(Stored items)
◇ ◇ ◇ ◇

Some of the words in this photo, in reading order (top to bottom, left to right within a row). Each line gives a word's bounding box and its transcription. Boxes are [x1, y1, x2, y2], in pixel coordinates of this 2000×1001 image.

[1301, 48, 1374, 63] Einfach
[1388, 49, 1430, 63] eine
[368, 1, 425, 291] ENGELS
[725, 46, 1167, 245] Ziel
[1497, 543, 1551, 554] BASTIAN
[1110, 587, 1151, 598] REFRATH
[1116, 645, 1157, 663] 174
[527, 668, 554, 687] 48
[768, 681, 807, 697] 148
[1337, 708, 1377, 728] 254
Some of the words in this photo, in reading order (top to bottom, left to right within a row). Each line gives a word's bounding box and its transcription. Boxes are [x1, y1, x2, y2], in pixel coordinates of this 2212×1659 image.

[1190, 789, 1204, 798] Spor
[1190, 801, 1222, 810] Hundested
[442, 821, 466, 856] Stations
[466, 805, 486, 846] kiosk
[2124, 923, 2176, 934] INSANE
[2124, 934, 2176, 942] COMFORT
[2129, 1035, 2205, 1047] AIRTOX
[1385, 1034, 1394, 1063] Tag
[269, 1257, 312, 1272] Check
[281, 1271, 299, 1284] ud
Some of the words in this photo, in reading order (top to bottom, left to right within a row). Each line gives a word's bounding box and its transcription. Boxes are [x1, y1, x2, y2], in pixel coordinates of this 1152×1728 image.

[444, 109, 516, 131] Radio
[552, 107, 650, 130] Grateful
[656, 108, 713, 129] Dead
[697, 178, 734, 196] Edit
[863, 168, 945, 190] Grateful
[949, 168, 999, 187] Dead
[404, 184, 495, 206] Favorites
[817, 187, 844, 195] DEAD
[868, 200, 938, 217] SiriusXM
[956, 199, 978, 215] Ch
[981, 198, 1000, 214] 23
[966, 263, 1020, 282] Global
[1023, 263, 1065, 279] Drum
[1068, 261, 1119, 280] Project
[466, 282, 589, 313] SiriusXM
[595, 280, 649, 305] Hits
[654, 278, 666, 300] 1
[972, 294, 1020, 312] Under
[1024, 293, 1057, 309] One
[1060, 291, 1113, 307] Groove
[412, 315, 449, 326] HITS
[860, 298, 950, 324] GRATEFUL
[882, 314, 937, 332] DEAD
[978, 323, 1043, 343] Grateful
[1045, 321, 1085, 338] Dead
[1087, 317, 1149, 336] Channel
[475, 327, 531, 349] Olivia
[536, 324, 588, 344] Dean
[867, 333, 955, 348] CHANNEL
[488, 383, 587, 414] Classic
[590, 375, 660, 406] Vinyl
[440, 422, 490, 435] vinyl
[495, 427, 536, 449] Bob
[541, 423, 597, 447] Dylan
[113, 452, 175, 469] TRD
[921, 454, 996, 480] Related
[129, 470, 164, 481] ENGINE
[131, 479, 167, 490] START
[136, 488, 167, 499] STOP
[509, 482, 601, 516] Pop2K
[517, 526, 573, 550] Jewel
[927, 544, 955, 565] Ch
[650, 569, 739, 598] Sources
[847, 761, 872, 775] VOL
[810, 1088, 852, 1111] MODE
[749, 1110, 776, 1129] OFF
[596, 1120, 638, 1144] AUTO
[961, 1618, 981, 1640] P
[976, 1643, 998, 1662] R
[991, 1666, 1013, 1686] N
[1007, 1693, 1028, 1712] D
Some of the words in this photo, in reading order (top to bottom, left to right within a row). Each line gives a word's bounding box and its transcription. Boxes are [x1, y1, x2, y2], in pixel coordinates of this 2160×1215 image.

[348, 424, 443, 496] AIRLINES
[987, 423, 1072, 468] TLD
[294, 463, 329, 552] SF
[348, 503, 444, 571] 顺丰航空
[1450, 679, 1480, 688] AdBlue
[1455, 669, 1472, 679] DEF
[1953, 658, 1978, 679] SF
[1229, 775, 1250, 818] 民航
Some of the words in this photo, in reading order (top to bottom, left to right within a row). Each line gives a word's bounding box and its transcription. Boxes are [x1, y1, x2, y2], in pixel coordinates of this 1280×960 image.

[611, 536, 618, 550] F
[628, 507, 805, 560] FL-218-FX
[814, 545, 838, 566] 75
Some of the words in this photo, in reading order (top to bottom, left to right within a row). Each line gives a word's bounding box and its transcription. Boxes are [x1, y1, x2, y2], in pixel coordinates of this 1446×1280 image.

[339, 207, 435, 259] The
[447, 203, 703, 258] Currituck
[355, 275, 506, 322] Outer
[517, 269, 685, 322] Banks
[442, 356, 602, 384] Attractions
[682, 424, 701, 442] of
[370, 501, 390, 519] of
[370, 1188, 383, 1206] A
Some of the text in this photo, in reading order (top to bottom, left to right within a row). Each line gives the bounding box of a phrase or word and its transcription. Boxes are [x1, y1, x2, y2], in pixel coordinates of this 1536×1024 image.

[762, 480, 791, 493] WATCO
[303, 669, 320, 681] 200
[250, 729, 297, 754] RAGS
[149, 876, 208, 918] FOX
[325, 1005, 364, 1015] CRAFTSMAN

◇ ◇ ◇ ◇

With nothing omitted, set down all of the records again.

Some of the words in this photo, in reading order (top to bottom, left to right within a row). Each line gives a word's bounding box and its transcription. Boxes are [x1, y1, x2, y2], in pixel coordinates of this 2000×1001 image.

[1301, 48, 1374, 63] Einfach
[1388, 49, 1430, 63] eine
[368, 1, 425, 291] ENGELS
[725, 46, 1167, 245] Ziel
[1497, 543, 1551, 554] BASTIAN
[1110, 587, 1151, 598] REFRATH
[1116, 645, 1157, 663] 174
[527, 668, 554, 687] 48
[768, 681, 807, 697] 148
[1337, 708, 1377, 728] 254
Some of the words in this photo, in reading order (top to bottom, left to right within a row). Each line gives a word's bounding box and its transcription. Boxes are [x1, y1, x2, y2], in pixel coordinates of this 2212×1659 image.

[1190, 789, 1204, 798] Spor
[1190, 801, 1222, 810] Hundested
[442, 821, 466, 856] Stations
[466, 805, 486, 846] kiosk
[2124, 923, 2176, 934] INSANE
[2124, 934, 2176, 942] COMFORT
[2129, 1035, 2205, 1047] AIRTOX
[1385, 1034, 1394, 1063] Tag
[269, 1257, 312, 1272] Check
[281, 1271, 299, 1284] ud
Some of the words in this photo, in reading order (top to bottom, left to right within a row). Each line gives a word's bounding box and its transcription. Boxes are [x1, y1, x2, y2], in pixel coordinates of this 1152×1728 image.

[444, 109, 516, 131] Radio
[552, 107, 650, 130] Grateful
[656, 108, 713, 129] Dead
[697, 178, 734, 196] Edit
[863, 168, 945, 190] Grateful
[949, 168, 999, 187] Dead
[404, 184, 495, 206] Favorites
[817, 187, 844, 195] DEAD
[868, 200, 938, 217] SiriusXM
[956, 199, 978, 215] Ch
[981, 198, 1000, 214] 23
[966, 263, 1020, 282] Global
[1023, 263, 1065, 279] Drum
[1068, 261, 1119, 280] Project
[466, 282, 589, 313] SiriusXM
[595, 280, 649, 305] Hits
[654, 278, 666, 300] 1
[972, 294, 1020, 312] Under
[1024, 293, 1057, 309] One
[1060, 291, 1113, 307] Groove
[412, 315, 449, 326] HITS
[860, 298, 950, 324] GRATEFUL
[882, 314, 937, 332] DEAD
[978, 323, 1043, 343] Grateful
[1045, 321, 1085, 338] Dead
[1087, 317, 1149, 336] Channel
[475, 327, 531, 349] Olivia
[536, 324, 588, 344] Dean
[867, 333, 955, 348] CHANNEL
[488, 383, 587, 414] Classic
[590, 375, 660, 406] Vinyl
[440, 422, 490, 435] vinyl
[495, 427, 536, 449] Bob
[541, 423, 597, 447] Dylan
[113, 452, 175, 469] TRD
[921, 454, 996, 480] Related
[129, 470, 164, 481] ENGINE
[131, 479, 167, 490] START
[136, 488, 167, 499] STOP
[509, 482, 601, 516] Pop2K
[517, 526, 573, 550] Jewel
[927, 544, 955, 565] Ch
[650, 569, 739, 598] Sources
[847, 761, 872, 775] VOL
[810, 1088, 852, 1111] MODE
[749, 1110, 776, 1129] OFF
[596, 1120, 638, 1144] AUTO
[961, 1618, 981, 1640] P
[976, 1643, 998, 1662] R
[991, 1666, 1013, 1686] N
[1007, 1693, 1028, 1712] D
Some of the words in this photo, in reading order (top to bottom, left to right within a row). Each line gives a word's bounding box and its transcription. Boxes are [x1, y1, x2, y2], in pixel coordinates of this 2160×1215 image.

[348, 424, 443, 496] AIRLINES
[987, 423, 1072, 468] TLD
[294, 463, 329, 552] SF
[348, 503, 444, 571] 顺丰航空
[1450, 679, 1480, 688] AdBlue
[1455, 669, 1472, 679] DEF
[1953, 658, 1978, 679] SF
[1229, 775, 1250, 818] 民航
Some of the words in this photo, in reading order (top to bottom, left to right within a row). Each line gives a word's bounding box and its transcription. Boxes are [x1, y1, x2, y2], in pixel coordinates of this 1280×960 image.

[611, 536, 618, 550] F
[628, 507, 805, 560] FL-218-FX
[814, 545, 838, 566] 75
Some of the words in this photo, in reading order (top to bottom, left to right within a row). Each line gives a word's bounding box and its transcription. Boxes are [x1, y1, x2, y2], in pixel coordinates of this 1446×1280 image.

[339, 207, 435, 259] The
[447, 203, 703, 258] Currituck
[355, 275, 506, 322] Outer
[517, 269, 685, 322] Banks
[442, 356, 602, 384] Attractions
[682, 424, 701, 442] of
[370, 501, 390, 519] of
[370, 1188, 383, 1206] A
Some of the text in this photo, in reading order (top to bottom, left to right within a row). Each line gives the bounding box of a phrase or word and its transcription. Boxes are [x1, y1, x2, y2], in pixel coordinates of this 1536×1024 image.

[762, 480, 791, 493] WATCO
[303, 669, 320, 681] 200
[250, 729, 297, 754] RAGS
[149, 876, 208, 918] FOX
[325, 1005, 364, 1015] CRAFTSMAN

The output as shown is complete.